Threats Overseas, Too
American officials said the threat overseas may be just as great, particularly in the Arab countries cited in an audiotape from Osama bin Laden that aired on Arab television on Tuesday.
Among the prime targets, officials told ABCNEWS, could be Saudi Arabia's Ras Tanura oil refinery — the largest in the world. Police in London were putting on a show of force at Heathrow airport that rivals anything seen in the United States.
At Gatwick Airport, outside London, the North Terminal was closed today after police discovered a live grenade in the luggage of a passenger. The man, who police said was from Venezuela, was arrested and charged under the Prevention of Terrorism Act.

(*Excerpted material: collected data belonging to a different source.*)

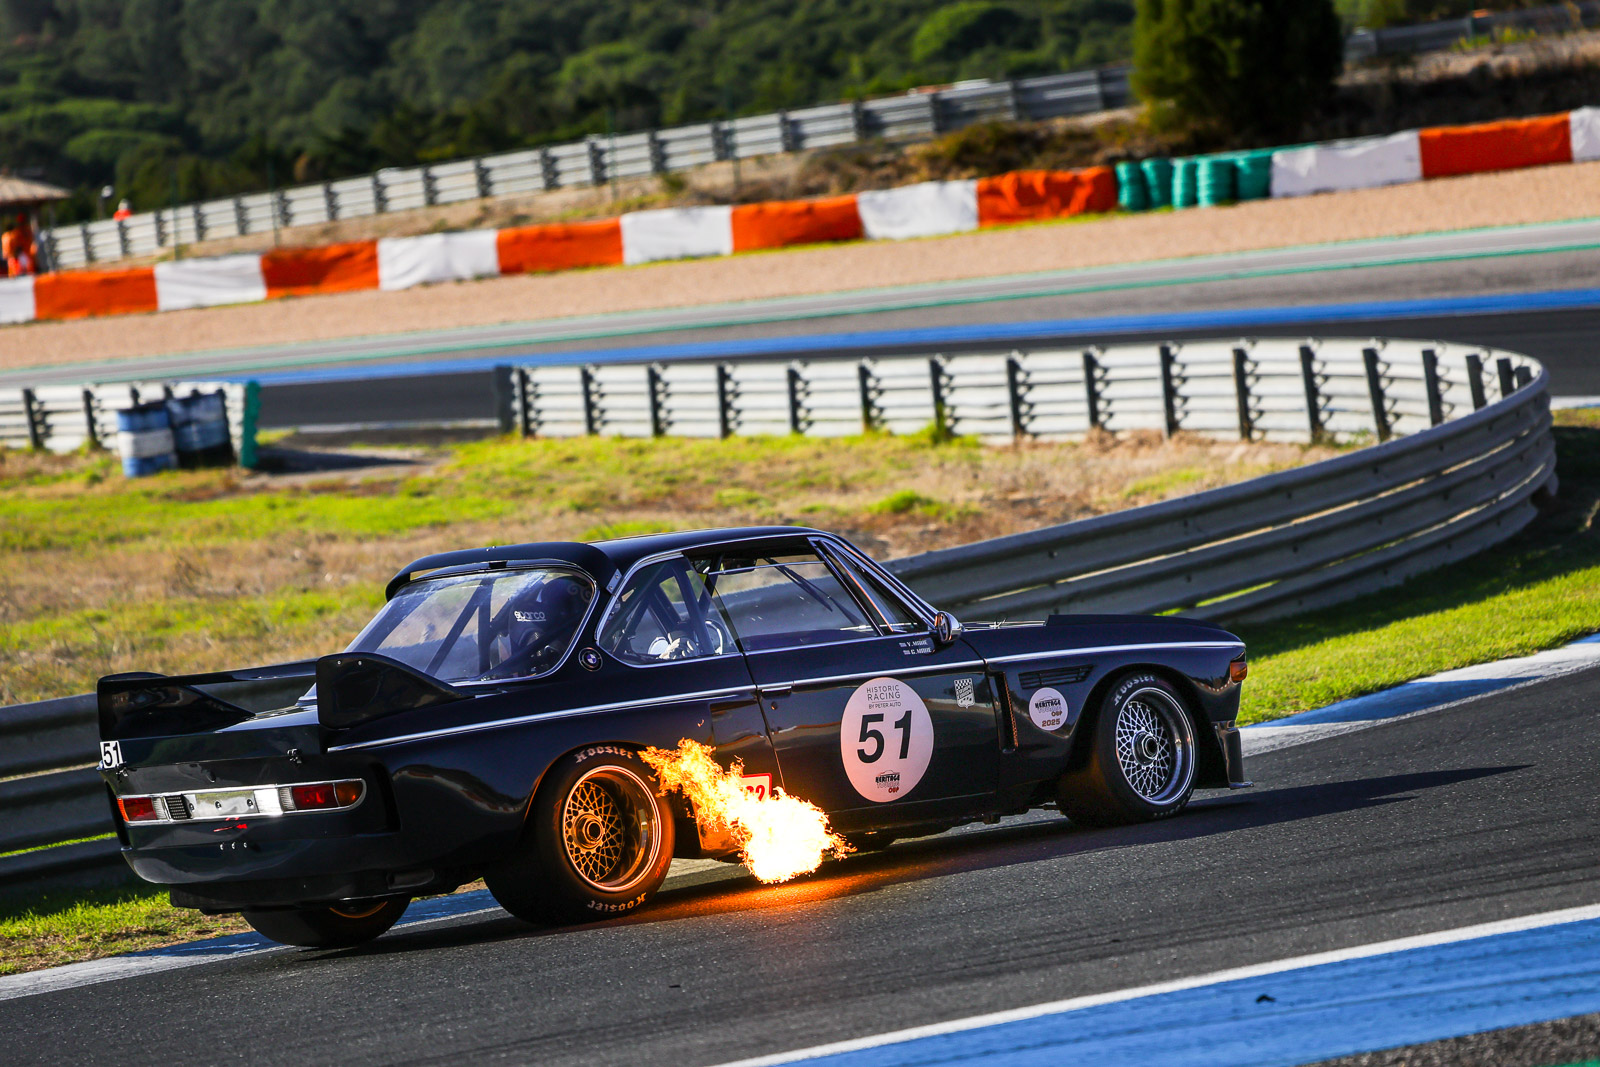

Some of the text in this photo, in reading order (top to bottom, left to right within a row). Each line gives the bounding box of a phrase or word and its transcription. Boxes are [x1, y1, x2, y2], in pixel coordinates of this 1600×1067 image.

[866, 684, 900, 693] HISTORIC
[867, 691, 901, 701] RACING
[1041, 717, 1061, 728] 2025
[857, 710, 912, 763] 51
[103, 741, 120, 767] 51
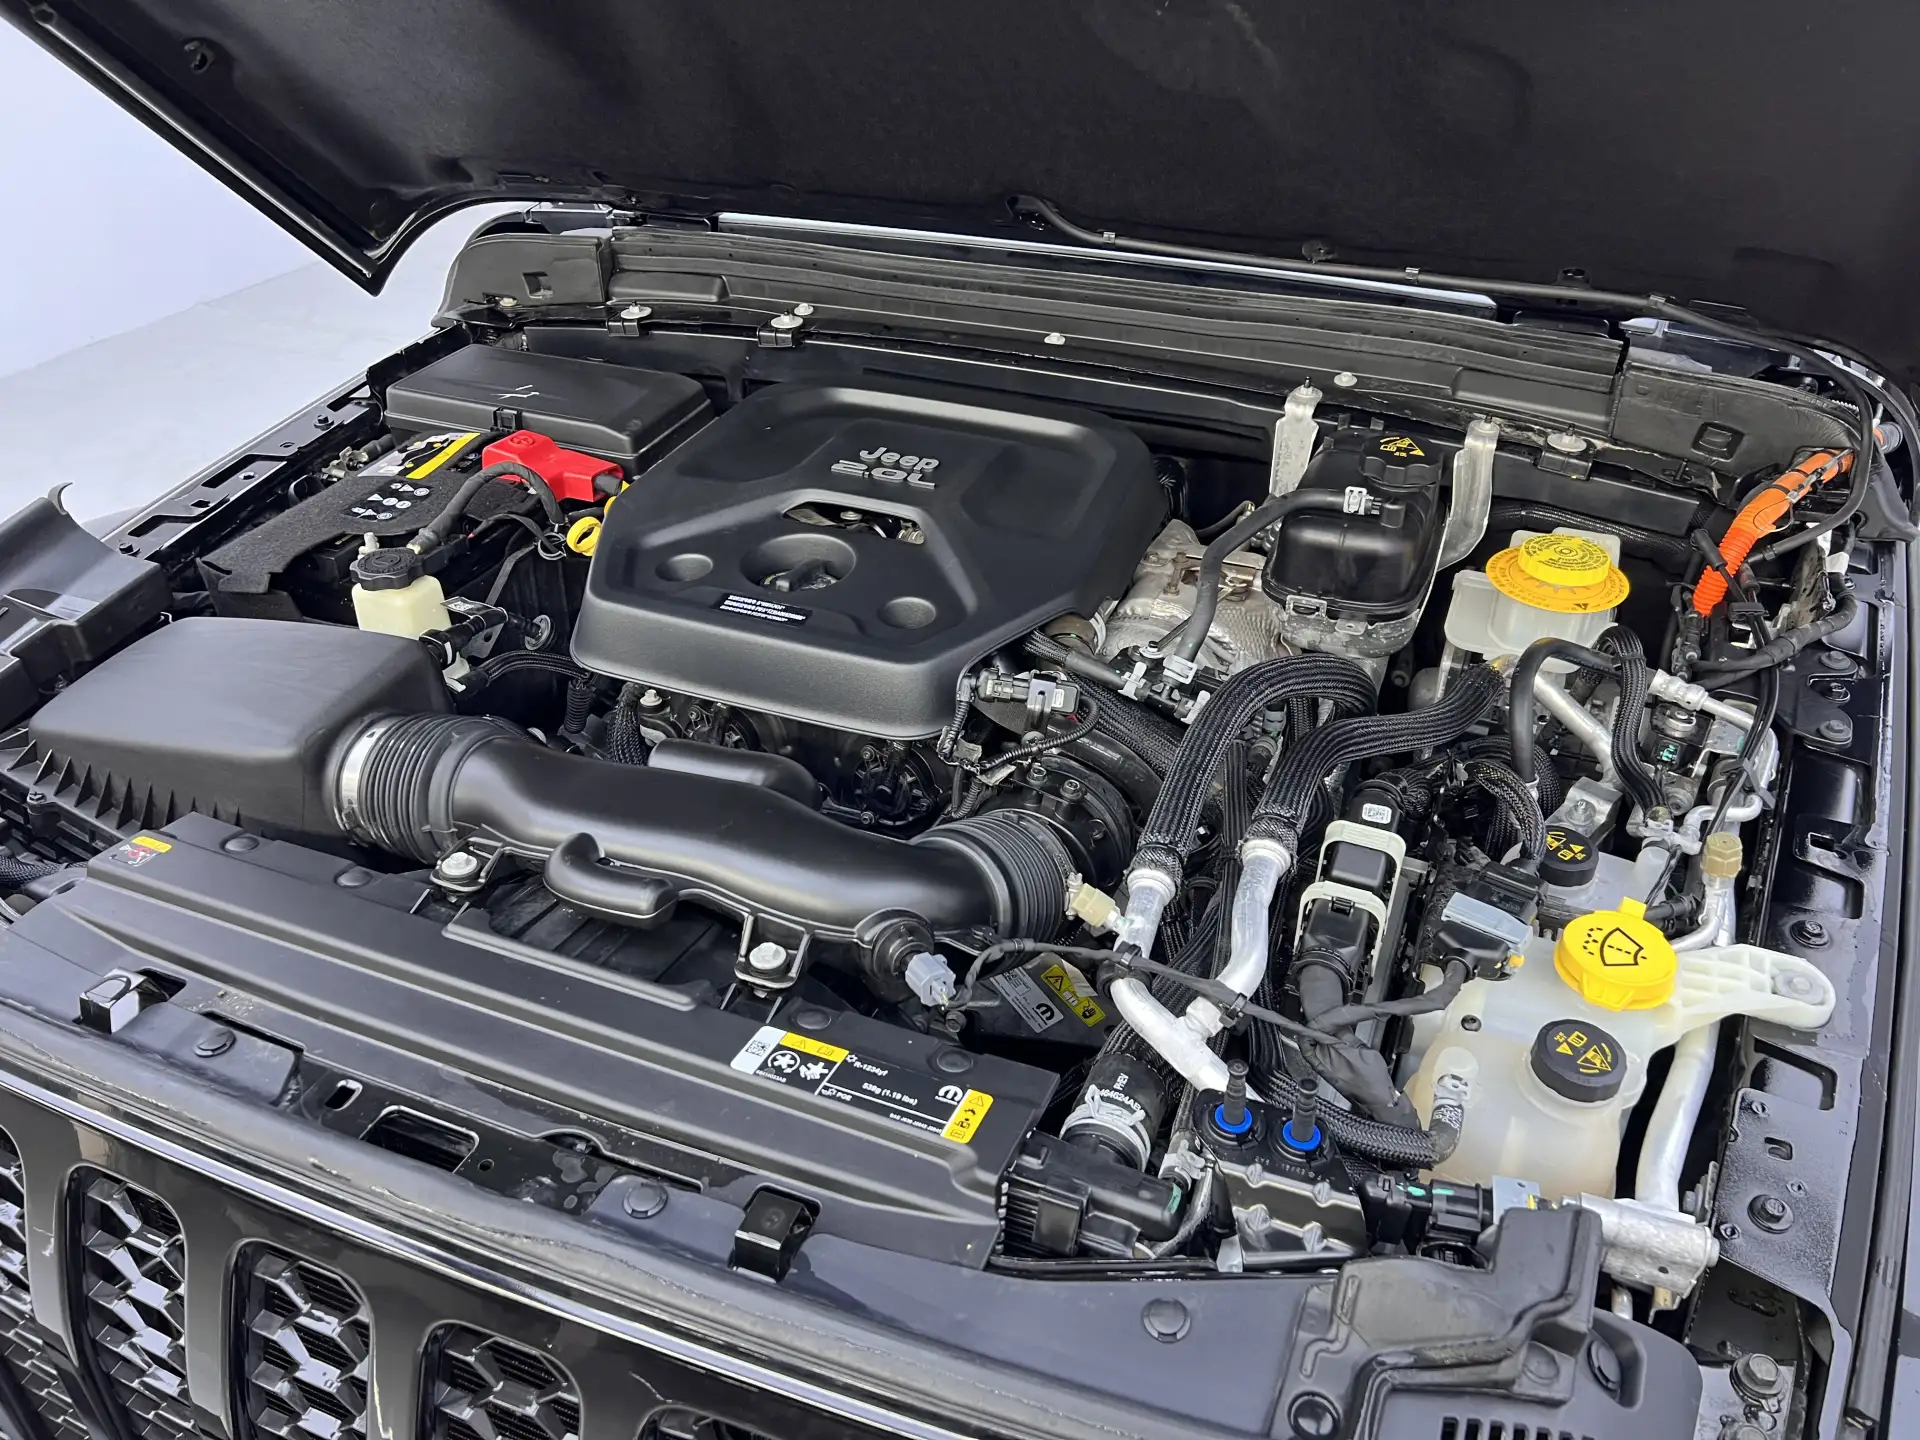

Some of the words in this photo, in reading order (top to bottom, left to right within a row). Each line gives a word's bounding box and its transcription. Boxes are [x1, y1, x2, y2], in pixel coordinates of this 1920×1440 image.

The State Department today issued travel warnings for Bahrain and Qatar, and upgraded the warning for Saudi Arabia that was issued on Jan. 30. The warnings authorize the voluntary departure of all non-emergency personnel and family members from the U.S. embassies, and urge private American citizens to rigorously evaluate their own security situations.
‘Packages of Importance’
The heightened alert comes less than one week after the Department of Homeland Security announced that the nation's five-step alert system had been raised to "high," the first time the level had been increased since the anniversary of the Sept. 11, 2001, attacks.
Perhaps more significantly, though, it comes after U.S. intelligence intercepted suspected terrorist communications talking of "the underground" and "packages of importance."
The intercepted communication refers to the hajj and indicates plots with radioactive materials or chemical agents, law enforcement officials said.
"If given the choice, al Qaeda terrorists will choose attacks that achieve multiple objectives, striking prominent landmarks, inflicting mass casualties, causing economic disruption and rallying support through shows of strength," CIA Director George Tenet told the Senate Armed Services Committee.
While the preparations were made to mitigate the effects of any possible attack, authorities hope that the show of force will rob terrorists of the element of surprise, and possibly forestall terrorists from following through on any plans.
New Bin Laden Tape?
Meanwhile, Washington officials were examining yet another audiotape that may be from bin Laden — the second tape from the al Qaeda leader to surface this week.
A British-based Islamic news agency says it has a new bin Laden recording, an alleged 53-minute last will and testament. A voice purported to be that of the terror mastermind predicts he will die "a martyr" this year in an attack against his enemies. Al-Ansaar news agency said today it bought the tape over the weekend after discussions with an anonymous Internet seller.
U.S. counterterrorism officials are reviewing a transcript of the tape, but so far they have not been able to confirm that it's an authentic message from the terror chief.
At the same time, the U.S. government is aggressively pursuing intelligence that Iraqi President Saddam Hussein may have sent operatives to the United States, ABCNEWS has learned.
Sources told ABCNEWS that the possibility of Iraqi infiltrators is one reason why the FBI has launched a massive campaign to interview 50,000 Iraqi-Americans and Iraqis living in the United States. Of particular interest are scores of Iraqis ordered by immigration judges to leave the country, but who may have disappeared.
ABCNEWS' Brian Ross, Pierre Thomas and Steve Osunsami contributed to this report.